Ma's eyes narrowed. Her hair was tied up in a bun with half a knitting-needle shoved up it.
'Er ...' Dum, dum, dum-di-di, dum-di-di...
'Gerrit out!' Ma squawked.
'No messing about,' Willie mumbled quickly. 'Lottie says, none of that.'
'What's that mean?' Making him say it.
'Well, like ... well, naturally he'll be buried in t'churchyard. First one. First one since ...' His fingers finding a different, more complicated rhythm. 'What I'm saying, Ma, is, do we have to ... ? Does it have to be Matt?'
Ma scowled. She had a face like an over-ripe quince. She wore an old brown knee-length cardigan over a blue boiler-suit, her working clothes. The two cats, one black, one white, sat side-by-side on the hearth, still as china. Bob and Jim. Willie reckoned they must be the fourth or fifth generation of Ma's cats called Bob and Jim, and all females.
Willie liked his mother's cottage. Nothing changed. Bottles of stuff everywhere. On the table an evil-looking root was rotting inside a glass jar, producing a fluid as thick as Castrol.

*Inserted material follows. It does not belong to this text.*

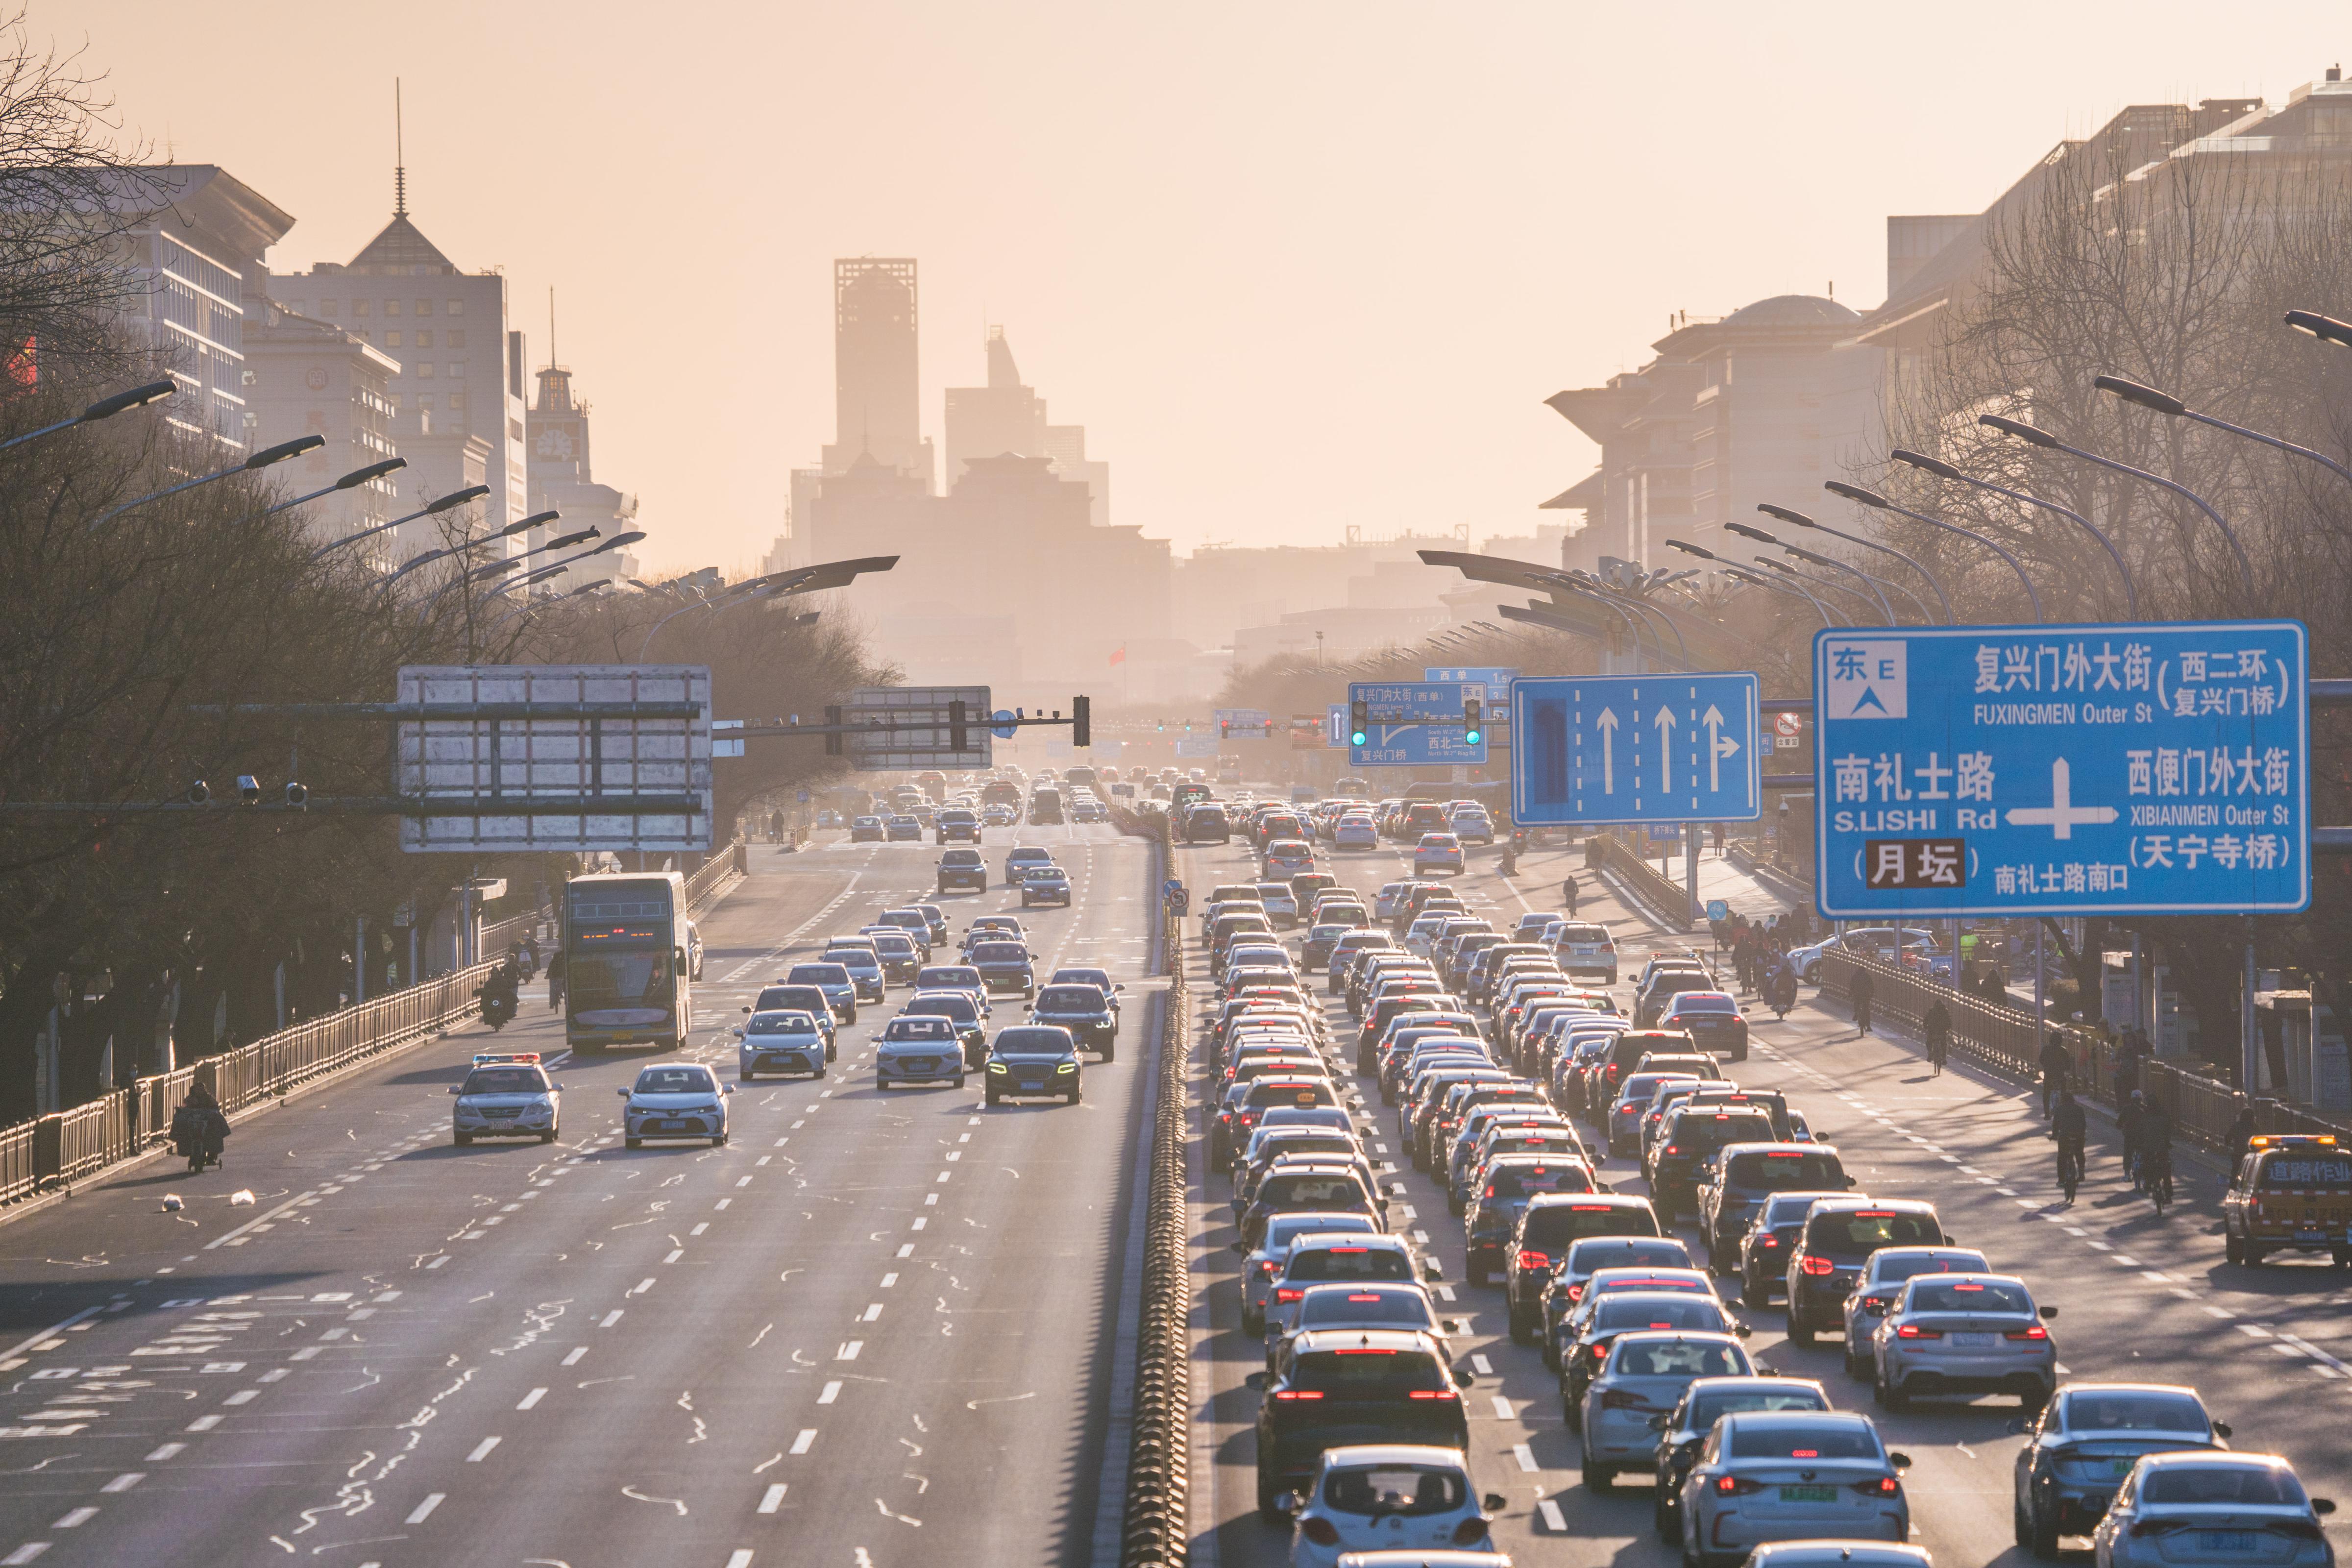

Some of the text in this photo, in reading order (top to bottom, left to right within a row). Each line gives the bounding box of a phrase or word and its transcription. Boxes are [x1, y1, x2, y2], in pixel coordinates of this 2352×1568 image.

Comfrey - known as knitbone. And if it didn't knit your bones at least it'd stop your back gate from squeaking.
'Rector come round,' Ma told him. 'Said was I sure I'd given him right stuff for his arthritis.'
'Bloody hell,' said Willie. 'Chancing his arm there.'
'No, he were right,' said Ma surprisingly. 'It's not working. Never happened before, that hasn't. Never not worked, that arthritis mixture. Leastways, it's always done summat.'
She reached down to the hearth, picked up an old brown medicine bottle with a cork in it; Ma didn't believe in screw tops. 'Full-strength too. Last summer's.'
Willy smiled slyly. 'Losing thi touch, Ma?'
'Now, don't you say that!' His mother pointing a forefinger stiff as a clothes-peg. Think what you want, but don't you go saying it. It's not lucky.'
'Aye. I'm sorry.'
'Still...' She squinted into the bottle then put it back on the hearth behind Bob or Jim. 'You're not altogether wrong, for once.'
'Nay.' Willie shook his head. 'Shouldn't've said it. Just come out, like.'
'I'm not what I was.'
'Well, what d'you expect? You're eighty ... three? Six?'
'That's not what I'm saying, son.'
Ma's brown eyes were calm. She still didn't need glasses, and her eyes did wonderful things. In Manchester, of a Saturday, all dolled up, she could still summon a waitress in the café with them eyes, even when the waitress had her back turned. And Willie had once seen this right vicious-looking street-gang part clean down the middle to let her through; Ma had sent the eyes in first.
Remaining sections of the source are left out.